> [Work instruction]
Retype all the records below exactly as they are, with no image carried over.

> [Entries shown]

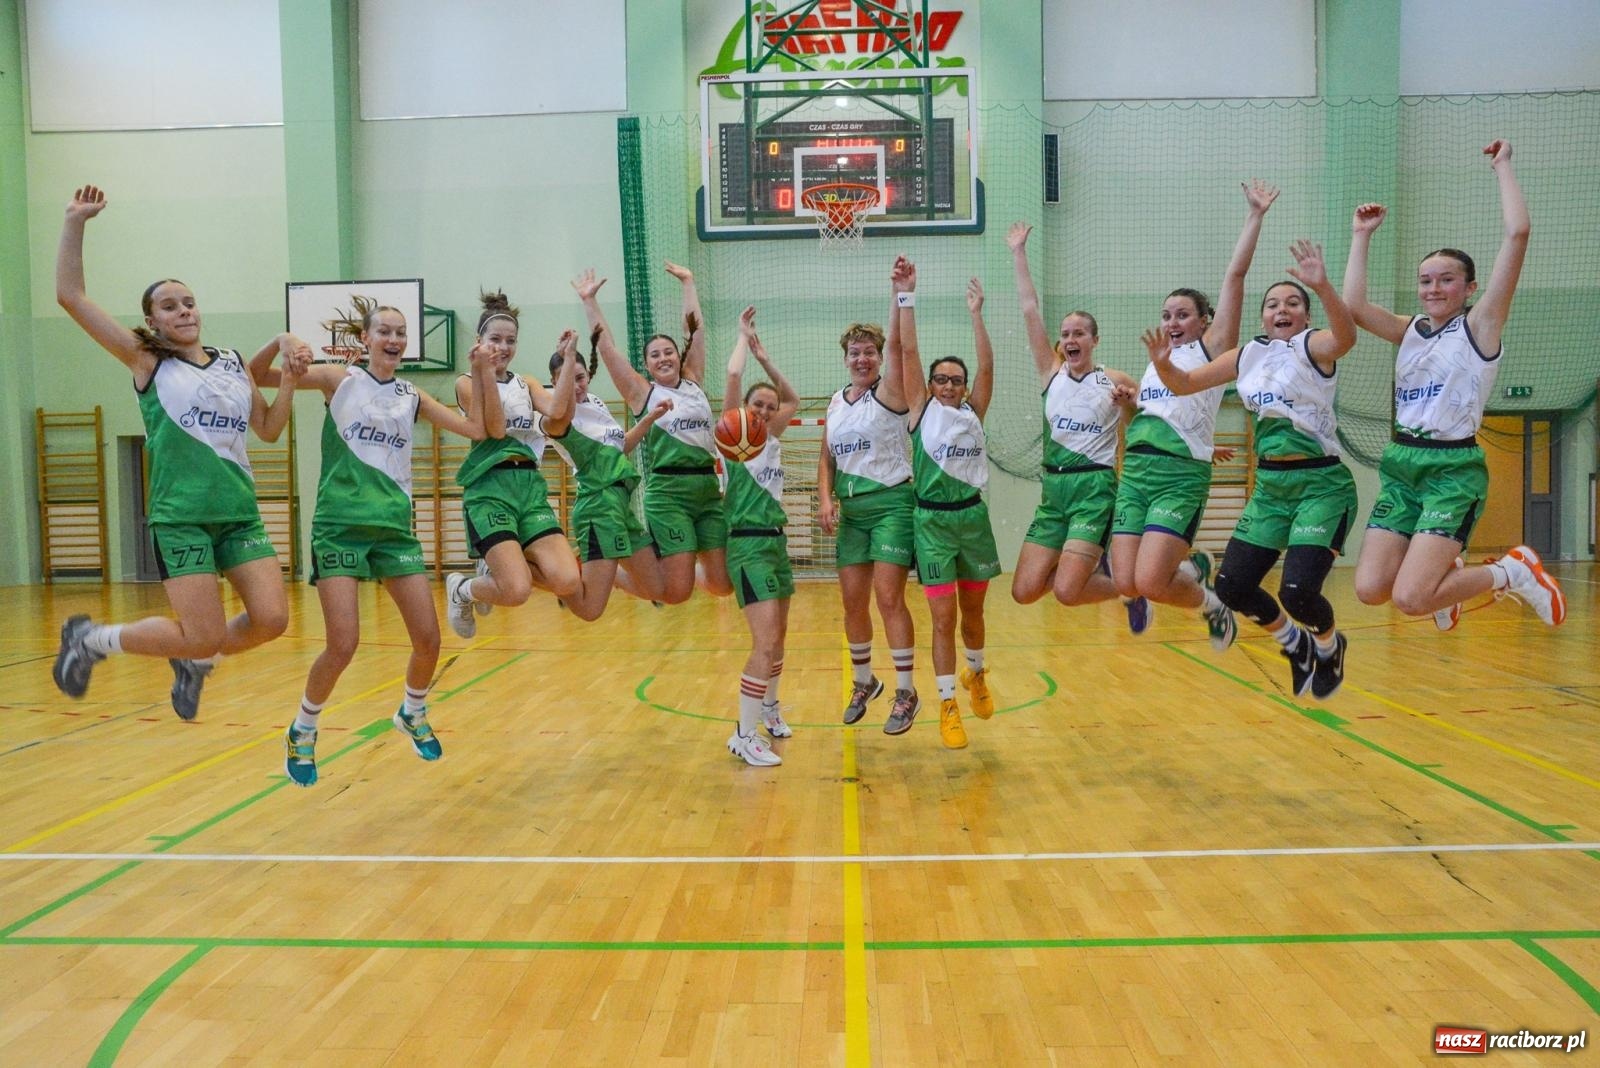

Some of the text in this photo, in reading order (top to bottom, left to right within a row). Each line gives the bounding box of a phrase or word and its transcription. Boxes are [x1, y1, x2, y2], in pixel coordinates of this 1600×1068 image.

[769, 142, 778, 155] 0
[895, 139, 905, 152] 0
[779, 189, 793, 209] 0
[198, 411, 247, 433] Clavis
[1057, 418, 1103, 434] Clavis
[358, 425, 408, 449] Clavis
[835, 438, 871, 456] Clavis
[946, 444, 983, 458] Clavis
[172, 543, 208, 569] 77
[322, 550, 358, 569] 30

> [Task answer]
Some of the text in this photo, in reading order (top to bottom, left to right within a row). Each line gives the bounding box of a phrase or word and its transcription. Boxes are [x1, y1, x2, y2], in pixel coordinates of this 1600×1068 image.

[769, 142, 778, 155] 0
[895, 139, 905, 152] 0
[779, 189, 793, 209] 0
[198, 411, 247, 433] Clavis
[1057, 418, 1103, 434] Clavis
[358, 425, 408, 449] Clavis
[835, 438, 871, 456] Clavis
[946, 444, 983, 458] Clavis
[172, 543, 208, 569] 77
[322, 550, 358, 569] 30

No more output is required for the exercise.